■ Instructions to follow:
The answer should consist of all the records, copied exactly.

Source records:
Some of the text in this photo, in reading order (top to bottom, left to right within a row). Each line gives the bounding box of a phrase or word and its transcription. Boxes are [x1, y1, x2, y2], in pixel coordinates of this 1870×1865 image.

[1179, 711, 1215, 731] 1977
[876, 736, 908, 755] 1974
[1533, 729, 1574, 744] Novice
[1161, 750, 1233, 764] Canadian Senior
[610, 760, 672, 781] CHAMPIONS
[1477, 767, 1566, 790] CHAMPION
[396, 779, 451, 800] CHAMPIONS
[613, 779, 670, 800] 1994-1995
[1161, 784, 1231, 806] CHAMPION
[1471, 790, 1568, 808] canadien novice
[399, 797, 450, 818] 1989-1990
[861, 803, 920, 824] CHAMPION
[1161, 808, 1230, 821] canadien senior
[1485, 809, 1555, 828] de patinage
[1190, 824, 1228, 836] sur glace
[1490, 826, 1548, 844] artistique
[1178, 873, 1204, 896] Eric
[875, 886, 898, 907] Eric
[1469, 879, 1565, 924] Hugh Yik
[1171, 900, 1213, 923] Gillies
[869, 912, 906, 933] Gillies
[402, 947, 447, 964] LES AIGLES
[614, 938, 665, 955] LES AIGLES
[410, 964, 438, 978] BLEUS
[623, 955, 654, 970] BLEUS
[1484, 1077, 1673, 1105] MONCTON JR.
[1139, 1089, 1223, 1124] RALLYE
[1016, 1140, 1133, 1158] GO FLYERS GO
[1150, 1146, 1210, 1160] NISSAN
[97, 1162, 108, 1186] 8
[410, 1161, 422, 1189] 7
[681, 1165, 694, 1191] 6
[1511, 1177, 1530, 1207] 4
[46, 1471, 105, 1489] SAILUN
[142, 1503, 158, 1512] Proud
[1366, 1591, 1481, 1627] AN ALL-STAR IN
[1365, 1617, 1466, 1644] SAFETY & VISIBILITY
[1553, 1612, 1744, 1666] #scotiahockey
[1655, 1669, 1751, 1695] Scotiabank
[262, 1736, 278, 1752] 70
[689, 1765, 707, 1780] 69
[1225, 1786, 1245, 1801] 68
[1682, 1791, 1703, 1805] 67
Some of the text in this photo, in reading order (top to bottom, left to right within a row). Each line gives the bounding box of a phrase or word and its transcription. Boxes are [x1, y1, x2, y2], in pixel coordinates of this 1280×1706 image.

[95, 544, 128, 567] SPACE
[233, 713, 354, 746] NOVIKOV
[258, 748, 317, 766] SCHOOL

■ The completed task:
Some of the text in this photo, in reading order (top to bottom, left to right within a row). Each line gives the bounding box of a phrase or word and its transcription. Boxes are [x1, y1, x2, y2], in pixel coordinates of this 1870×1865 image.

[1179, 711, 1215, 731] 1977
[876, 736, 908, 755] 1974
[1533, 729, 1574, 744] Novice
[1161, 750, 1233, 764] Canadian Senior
[610, 760, 672, 781] CHAMPIONS
[1477, 767, 1566, 790] CHAMPION
[396, 779, 451, 800] CHAMPIONS
[613, 779, 670, 800] 1994-1995
[1161, 784, 1231, 806] CHAMPION
[1471, 790, 1568, 808] canadien novice
[399, 797, 450, 818] 1989-1990
[861, 803, 920, 824] CHAMPION
[1161, 808, 1230, 821] canadien senior
[1485, 809, 1555, 828] de patinage
[1190, 824, 1228, 836] sur glace
[1490, 826, 1548, 844] artistique
[1178, 873, 1204, 896] Eric
[875, 886, 898, 907] Eric
[1469, 879, 1565, 924] Hugh Yik
[1171, 900, 1213, 923] Gillies
[869, 912, 906, 933] Gillies
[402, 947, 447, 964] LES AIGLES
[614, 938, 665, 955] LES AIGLES
[410, 964, 438, 978] BLEUS
[623, 955, 654, 970] BLEUS
[1484, 1077, 1673, 1105] MONCTON JR.
[1139, 1089, 1223, 1124] RALLYE
[1016, 1140, 1133, 1158] GO FLYERS GO
[1150, 1146, 1210, 1160] NISSAN
[97, 1162, 108, 1186] 8
[410, 1161, 422, 1189] 7
[681, 1165, 694, 1191] 6
[1511, 1177, 1530, 1207] 4
[46, 1471, 105, 1489] SAILUN
[142, 1503, 158, 1512] Proud
[1366, 1591, 1481, 1627] AN ALL-STAR IN
[1365, 1617, 1466, 1644] SAFETY & VISIBILITY
[1553, 1612, 1744, 1666] #scotiahockey
[1655, 1669, 1751, 1695] Scotiabank
[262, 1736, 278, 1752] 70
[689, 1765, 707, 1780] 69
[1225, 1786, 1245, 1801] 68
[1682, 1791, 1703, 1805] 67
Some of the text in this photo, in reading order (top to bottom, left to right within a row). Each line gives the bounding box of a phrase or word and its transcription. Boxes are [x1, y1, x2, y2], in pixel coordinates of this 1280×1706 image.

[95, 544, 128, 567] SPACE
[233, 713, 354, 746] NOVIKOV
[258, 748, 317, 766] SCHOOL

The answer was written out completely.